A Software Observability Roundup
January 02, 2025
I spent some time recently catching up on my #to-read saves in Obsidian. More than a few of these
were blog posts from 2024 about software observability. Talk of "redefining observability",
"observability 2.0", and "try Honeycomb" had caught my eye in a few spaces,
and so I had been hoarding links on the topic.
After spending a few days immersing myself in those articles and branching out to others, I decided to write this bullet-form roundup:
- for myself, as a way of solidifying my current understanding
- in public, as a way to invite corrections and improvements (drop a comment below or @parente.dev on Bluesky!)
- with my colleagues in mind, as a new way to approach and discuss an ever-green question:
As our issue space changes and grows, and our solutions adapt and scale in response, what (else) should we do today so that we can readily address unknown-unknowns tomorrow?
Overview
The seventeen references I surveyed offer perspectives on observability as it pertains both to software systems and organizations around them. They cover what observability is, what problems it solves, how it is and should be implemented. There's alignment from the authors on the state of affairs, learned best practices, and a direction in which the industry should head. Shared terminology and goals are works in progress.
Origins
- According to control theory, observability is a measure of how well internal states of a system can be inferred from knowledge of its external outputs.1
- The discipline of software engineering (distributed computing, site reliability engineering, et al) has not settled on a single definition.
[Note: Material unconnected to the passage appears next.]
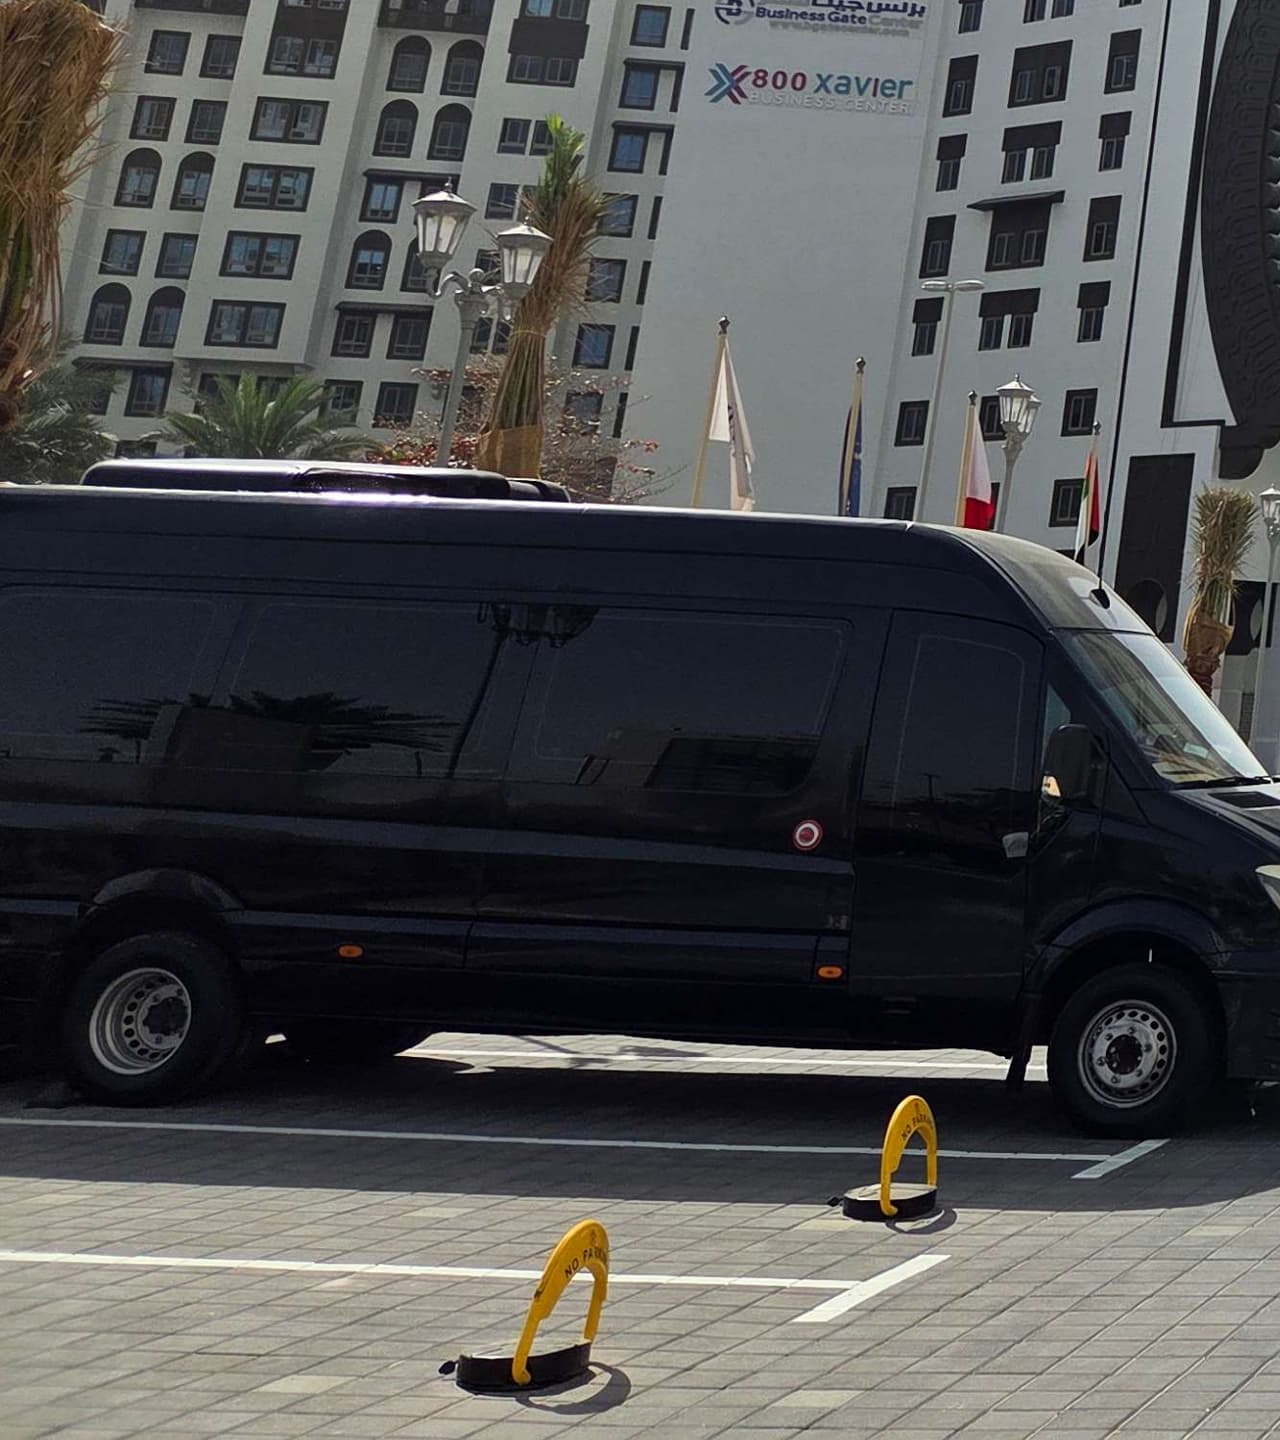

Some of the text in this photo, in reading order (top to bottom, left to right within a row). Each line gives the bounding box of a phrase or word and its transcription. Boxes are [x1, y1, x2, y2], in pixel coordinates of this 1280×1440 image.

One that stays close to the control theory original is that software observability measures how well a system's state can be understood from the obtained telemetry.1
- Metrics, logs, and traces caught on as the three kinds of telemetry required to observe a
software system—the so-called "three pillars of observability."
- ... perhaps because they helped build a shared vocabulary at the 2017 Distributed Tracing Summit.2
- ... perhaps because they do provide a comprehensive way for engineers to monitor systems for known problems and hint at where the issue lies.3
- ... perhaps because solutions for monitoring systems using metrics, logs, and traces are what vendors had to sell.4
Problems and Limitations
- The task of analyzing disjoint metrics, logs, and trace data falls on humans when using
three-pillar systems designed primarily for monitoring.5
- Moving beyond investigation of known-knowns is difficult without data and tooling designed to support correlations and experimentation.6
- Use of monitoring tools leads to org reliance on the intuition of a few system experts resulting in cognitive costs and bus-factor risks. Low visibility slows development and reduces team confidence.8
- Using CloudWatch logs, CloudWatch metrics, and X-Ray traces together, for example, requires users to infer answers to questions from their mental model of the system, incomplete data, disparate views, and reading of code.9
- The three-pillar data model constrains the types of questions that can be asked and answered,
with an almost exclusive focus on engineering concerns. Even mature observability programs will
struggle to answer questions of greater interest and value to the business3, such
as:
- What's the relationship between system performance and conversions, by funnel stage, broken down by geo, device, and intent signals?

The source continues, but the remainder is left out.